YOUR OBJECTIVE: Give the data again exactly as written, skipping any pictures.

DATA FOR THE TASK:

▽

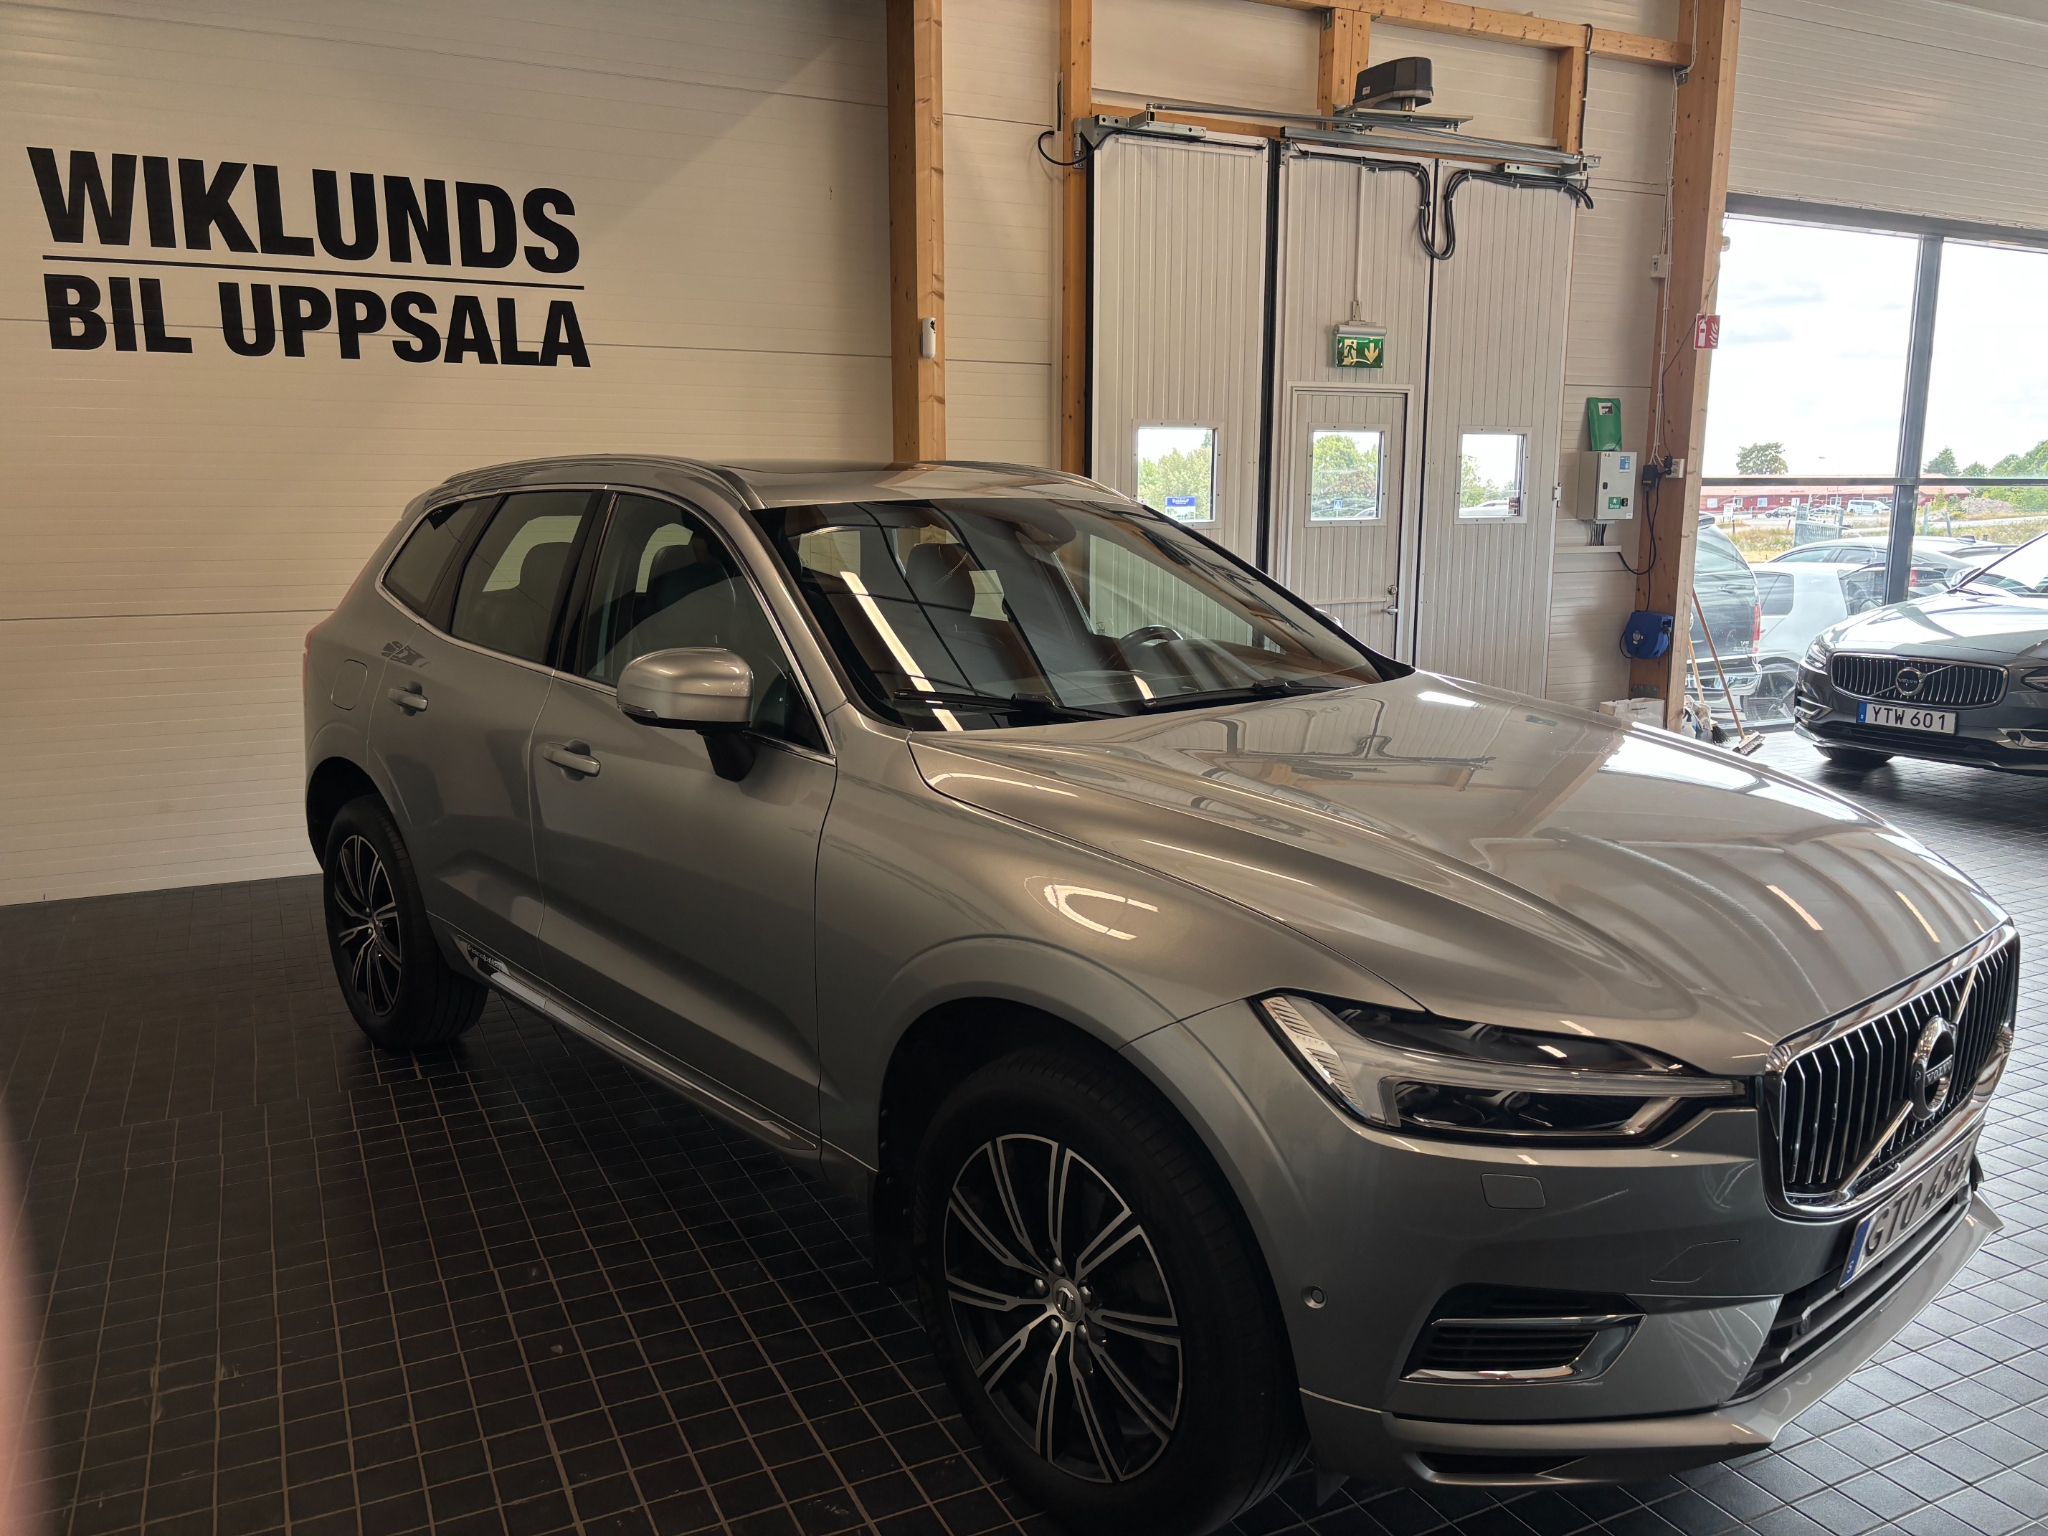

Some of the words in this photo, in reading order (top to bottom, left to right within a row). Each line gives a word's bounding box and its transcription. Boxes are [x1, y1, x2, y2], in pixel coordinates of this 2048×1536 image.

[27, 147, 581, 274] WIKLUNDS
[43, 273, 193, 354] BIL
[218, 281, 591, 368] UPPSALA
[1873, 706, 1906, 726] YTW
[1910, 711, 1946, 730] 601
[1926, 1060, 1953, 1083] VOLVO
[1865, 1181, 1923, 1256] GTO
[1921, 1140, 1973, 1210] 484
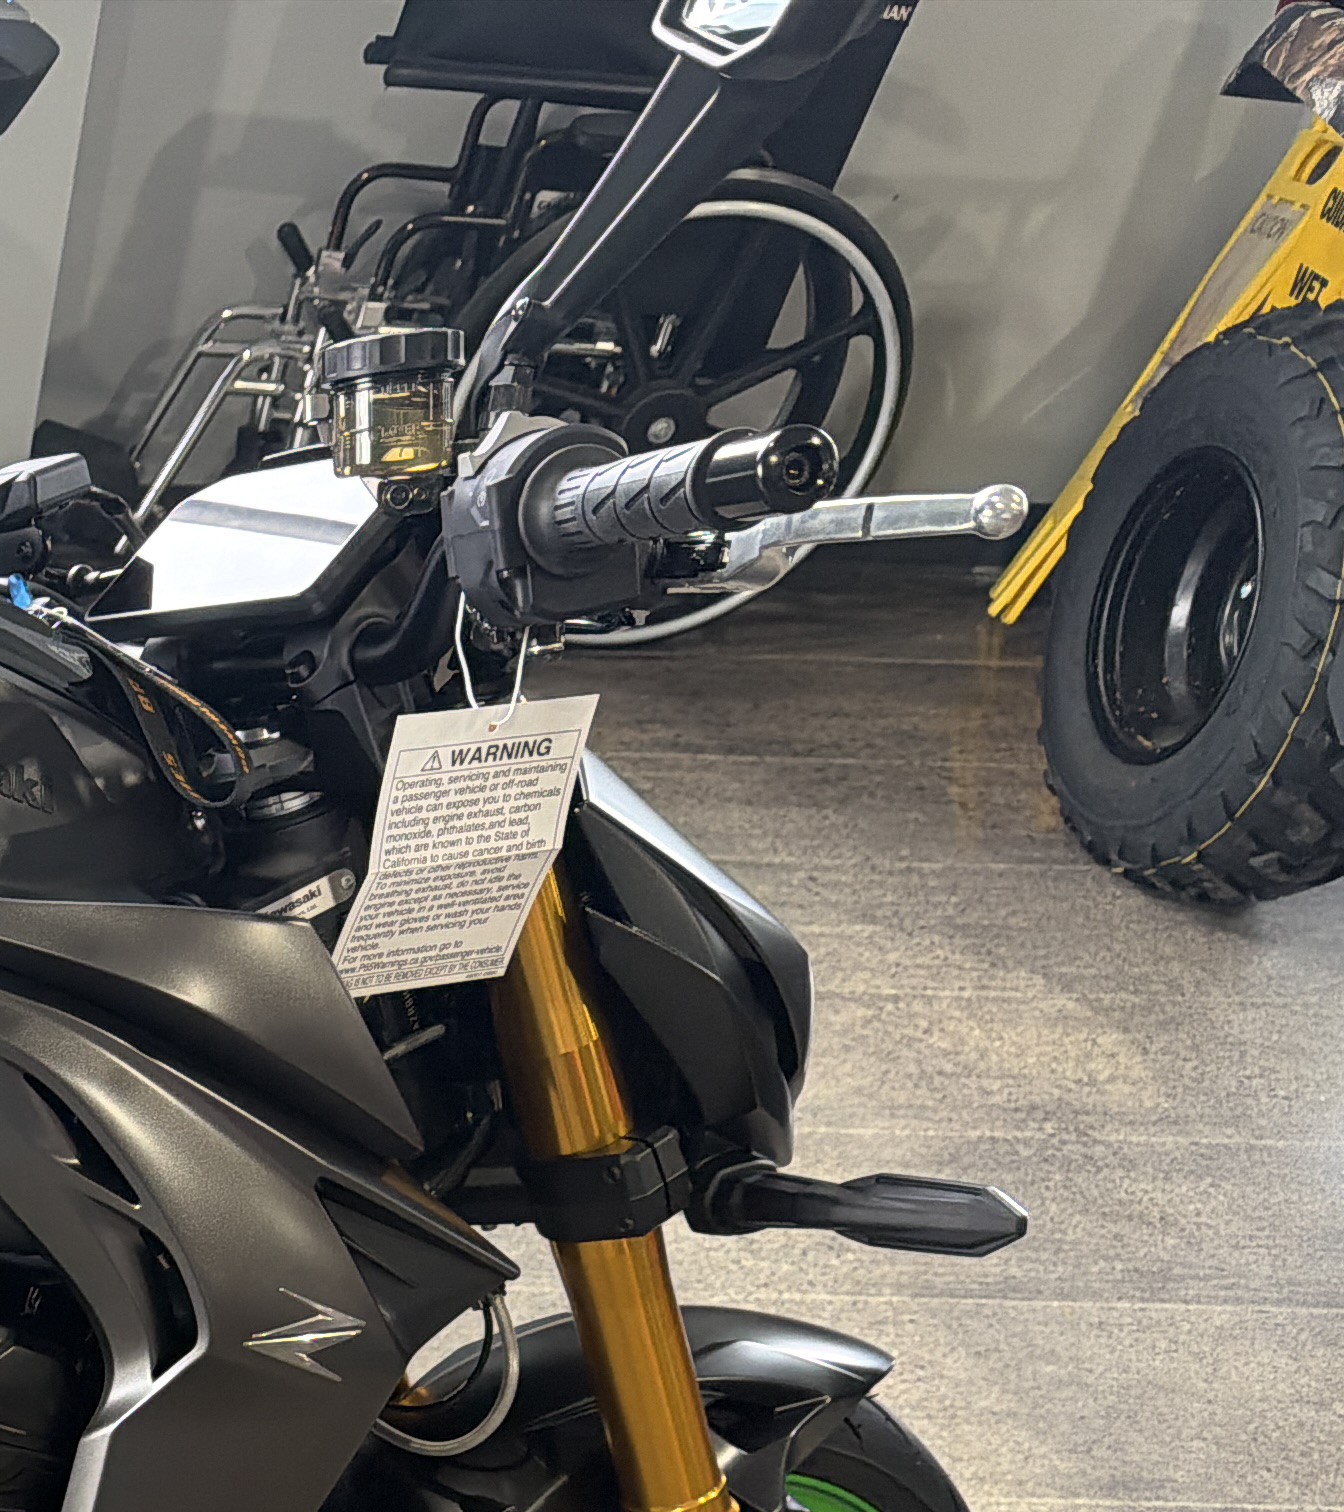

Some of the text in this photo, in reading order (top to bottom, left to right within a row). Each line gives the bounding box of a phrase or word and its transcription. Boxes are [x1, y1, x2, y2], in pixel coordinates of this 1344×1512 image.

[451, 737, 552, 766] WARNING
[392, 776, 539, 804] a passenger vehicle or off-road
[395, 762, 567, 792] Operating, servicing and maintaining
[387, 816, 430, 830] including
[432, 812, 464, 826] engine
[508, 802, 541, 814] carbon
[390, 786, 561, 817] vehicle can expose you to chemicals
[384, 826, 531, 856] which are known to the State of
[385, 829, 434, 843] monoxide,
[487, 818, 506, 830] and
[508, 815, 530, 827] lead,
[382, 838, 546, 869] California to cause cancer and birth
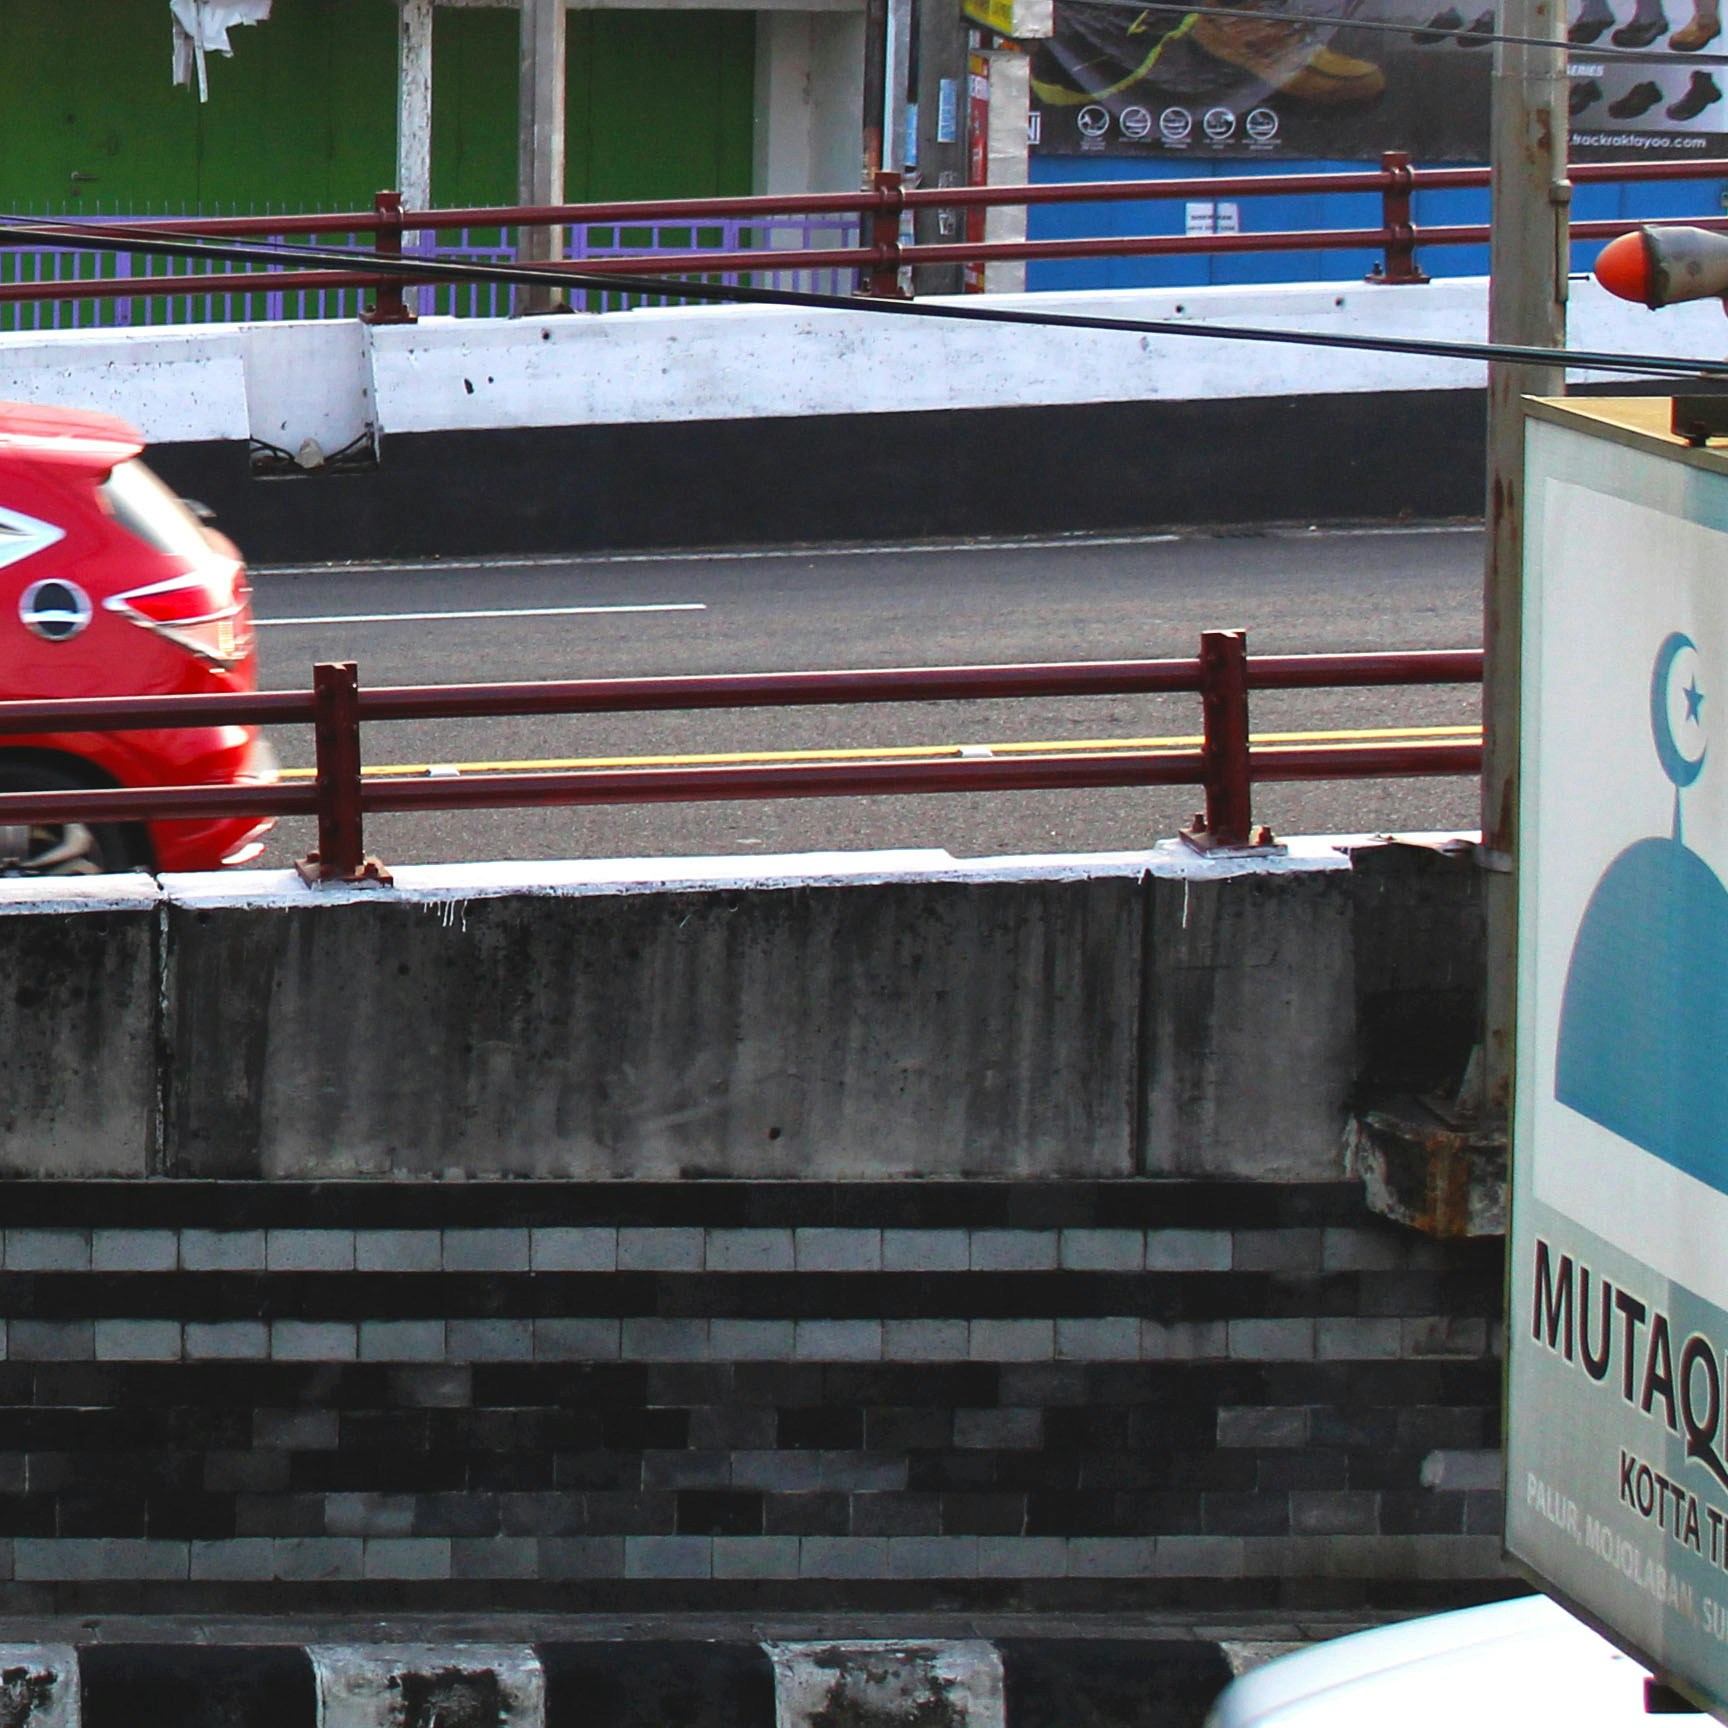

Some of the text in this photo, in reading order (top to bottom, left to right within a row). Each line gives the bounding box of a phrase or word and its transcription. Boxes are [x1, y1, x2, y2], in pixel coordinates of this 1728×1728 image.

[1531, 1238, 1728, 1494] MUTAQ
[1619, 1448, 1703, 1557] KOTTA
[1701, 1595, 1728, 1643] SU

△

RESULT BELOW:
Some of the words in this photo, in reading order (top to bottom, left to right within a row). Each line gives a word's bounding box and its transcription. Boxes are [x1, y1, x2, y2], in pixel coordinates of this 2048×1536 image.

[27, 147, 581, 274] WIKLUNDS
[43, 273, 193, 354] BIL
[218, 281, 591, 368] UPPSALA
[1873, 706, 1906, 726] YTW
[1910, 711, 1946, 730] 601
[1926, 1060, 1953, 1083] VOLVO
[1865, 1181, 1923, 1256] GTO
[1921, 1140, 1973, 1210] 484

Some of the text in this photo, in reading order (top to bottom, left to right within a row). Each line gives the bounding box of a phrase or word and its transcription. Boxes are [x1, y1, x2, y2], in pixel coordinates of this 1344×1512 image.

[451, 737, 552, 766] WARNING
[392, 776, 539, 804] a passenger vehicle or off-road
[395, 762, 567, 792] Operating, servicing and maintaining
[387, 816, 430, 830] including
[432, 812, 464, 826] engine
[508, 802, 541, 814] carbon
[390, 786, 561, 817] vehicle can expose you to chemicals
[384, 826, 531, 856] which are known to the State of
[385, 829, 434, 843] monoxide,
[487, 818, 506, 830] and
[508, 815, 530, 827] lead,
[382, 838, 546, 869] California to cause cancer and birth

Some of the text in this photo, in reading order (top to bottom, left to right within a row). Each line gives the bounding box of a phrase or word and its transcription. Boxes are [x1, y1, x2, y2], in pixel coordinates of this 1728×1728 image.

[1531, 1238, 1728, 1494] MUTAQ
[1619, 1448, 1703, 1557] KOTTA
[1701, 1595, 1728, 1643] SU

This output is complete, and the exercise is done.